Shortly after Sati and I were married we talked about adopting, but life was chaotic. We were both students about to embark on 8 years of residency and fellowship, and after our daughters were born four years later, it was all about work and daycare and mortgages and laundry and just trying to keep our heads above water. Until it wasn't. Until it was sixteen years later and when we looked around we saw some of our friends sending their kids off to college or planning weddings for their children or welcoming grandchildren into their lives, and we realized...we're not done.

April 20th, 2018, the day after our 16th wedding anniversary, Sati and I signed a contract with Children of the World adoption agency in Fairhope, Alabama. Our fates taking us to India.

It's been a whirlwind two months, and since that day we have had three visits with our social worker, a background check from every state we've lived in since the age of 18 (that's 10 for each of us), FBI fingerprints, 15+ hours of adoption education (where I have had to listen to my husband's incessant insistence that he has already raised two wonderful children and he shouldn't be require to do this), buckets of paperwork requiring original signatures and notarizations, references from six separate families, and a psychological evaluation to include a 300+ question personality assessment. And there was more. But I just can't remember it all right now and it's too painful to attempt to recall. We're just waiting on two more background checks to clear (Nevada and California) so we can schedule our final visit with the social worker, and then we'll be ready to register with the Indian government and be matched with our child. Or children.

And herein lies our first emotional hurdle. Don't get me wrong; the home study was no barrel of monkeys, and there may or may not have been some bad words tossed around during the last couple of months, but what we're facing now is the very definition of heart-wrenching:

***The List of Special Needs***

Let me back up a moment and give a brief overview of the India adoption process. India prefers for its children to stay in India and be raised by Indian parents. Perfectly understandable. And in a perfect world that might even happen. But in this imperfect world of poverty and disease and stigma, this is obviously just not possible. The next best thing, according to the Indian government, would be for a family with Indian heritage living outside of India to take in the orphaned children.
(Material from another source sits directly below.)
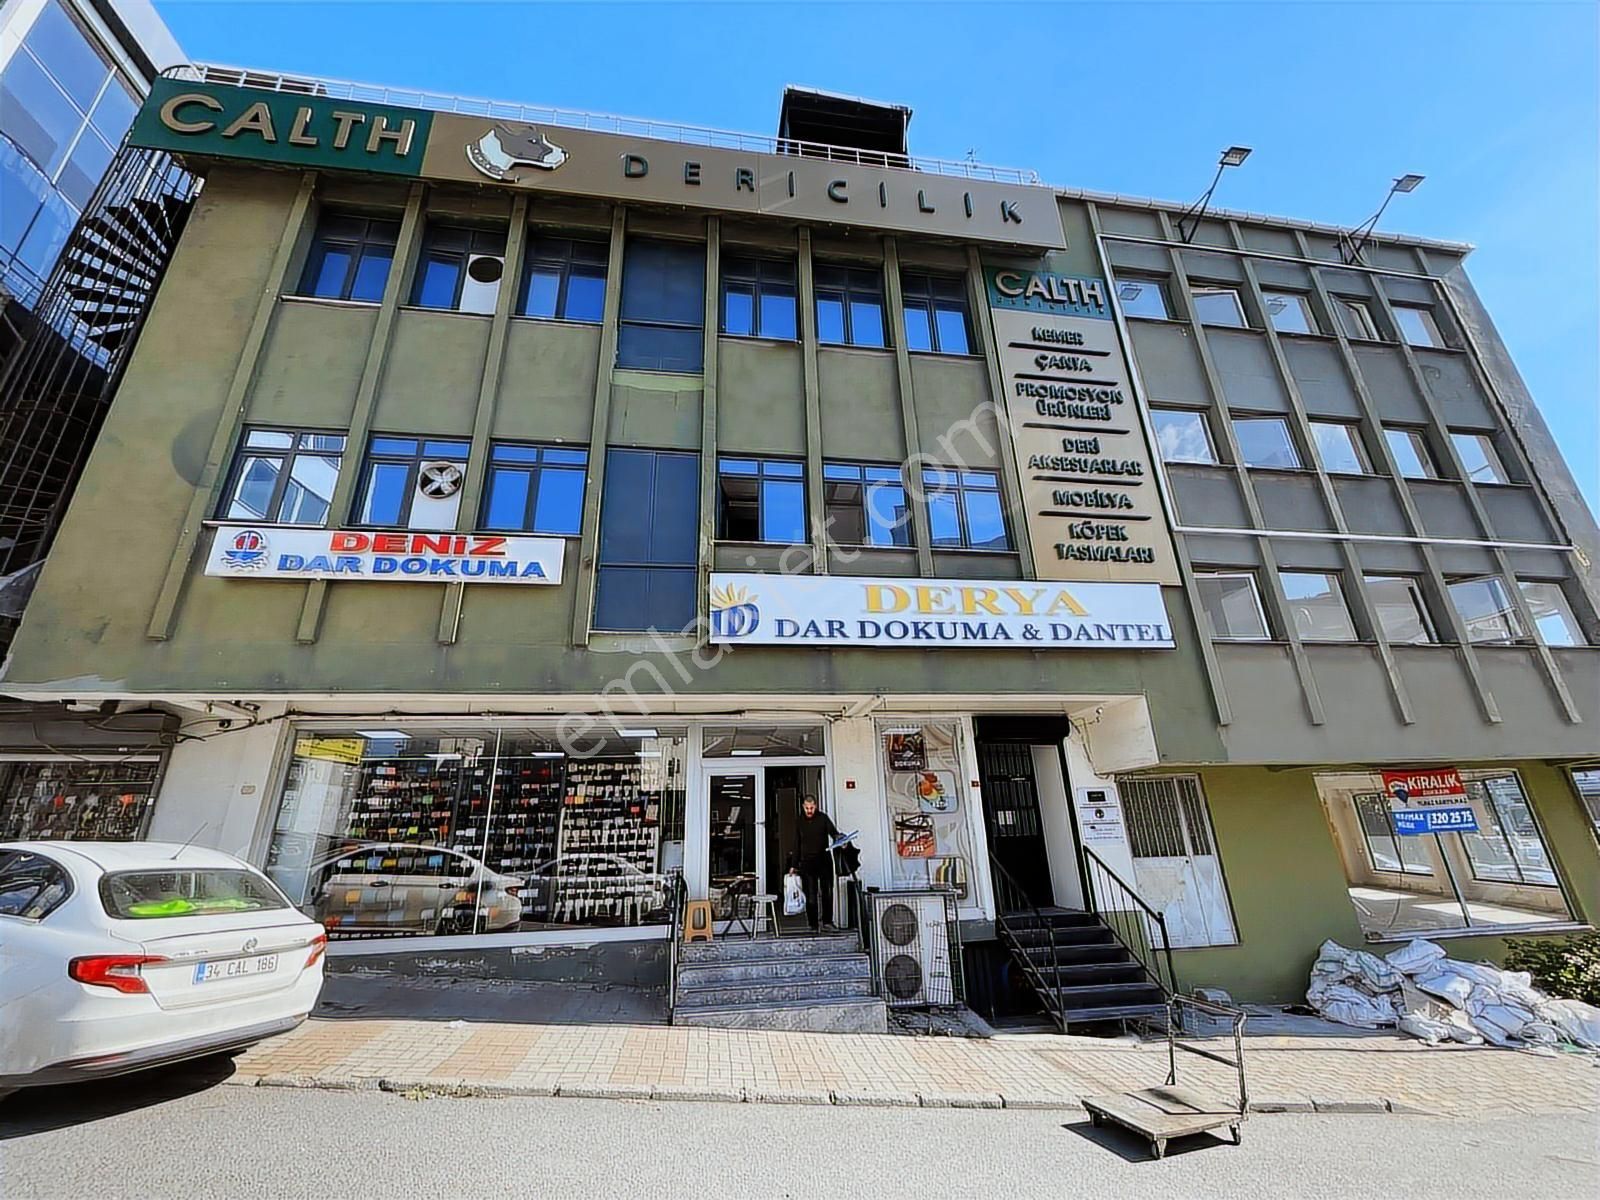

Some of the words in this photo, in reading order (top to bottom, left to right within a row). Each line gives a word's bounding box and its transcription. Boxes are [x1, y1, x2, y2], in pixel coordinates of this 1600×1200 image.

And the least ideal, aside from leaving the children on the streets or in orphanages, is to allow non-Indian families outside of India to adopt.

So there's a hierarchy of sorts, and if your family falls into one of the first two categories you are eligible to take the healthy-child track. That means you are eligible to adopt a normal (India's word - not mine) child under the age of two. However, the wait time for this "normal" child is typically a couple of years. With my husband's Indian heritage, we are considered an NRI, or non-resident Indian, family, falling into the healthy-child eligible track. Which, I can't deny, was tempting, but ultimately a route we chose to forego. The children who are adopted through this route are in no danger of aging out of the system or ending up on the streets, and - let's face it - we're too old to be waiting around for another two years.
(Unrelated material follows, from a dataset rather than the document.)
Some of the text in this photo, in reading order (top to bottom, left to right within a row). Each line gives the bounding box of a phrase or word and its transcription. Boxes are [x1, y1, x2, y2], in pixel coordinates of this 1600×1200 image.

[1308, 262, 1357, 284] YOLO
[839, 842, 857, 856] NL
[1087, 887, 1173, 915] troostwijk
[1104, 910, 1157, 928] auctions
Hence the list of special needs.

If you ever want to feel like a total jerk, there's nothing that will take you there faster than putting Xs on a special needs list to indicate which children you would NOT be willing to adopt. After half a dozen times of poring over that list, and researching medical diagnoses with more fervor than we showed in four years of medical school, Sati and are really no closer to done. On a good day, we might be open to a sibling group of five with developmental delays and missing limbs and seizure disorders and thalassemias and Down syndrome. But on a not-so-good day, we can't remember why we even started this, and just one more healthy child in our home seems overwhelming in itself.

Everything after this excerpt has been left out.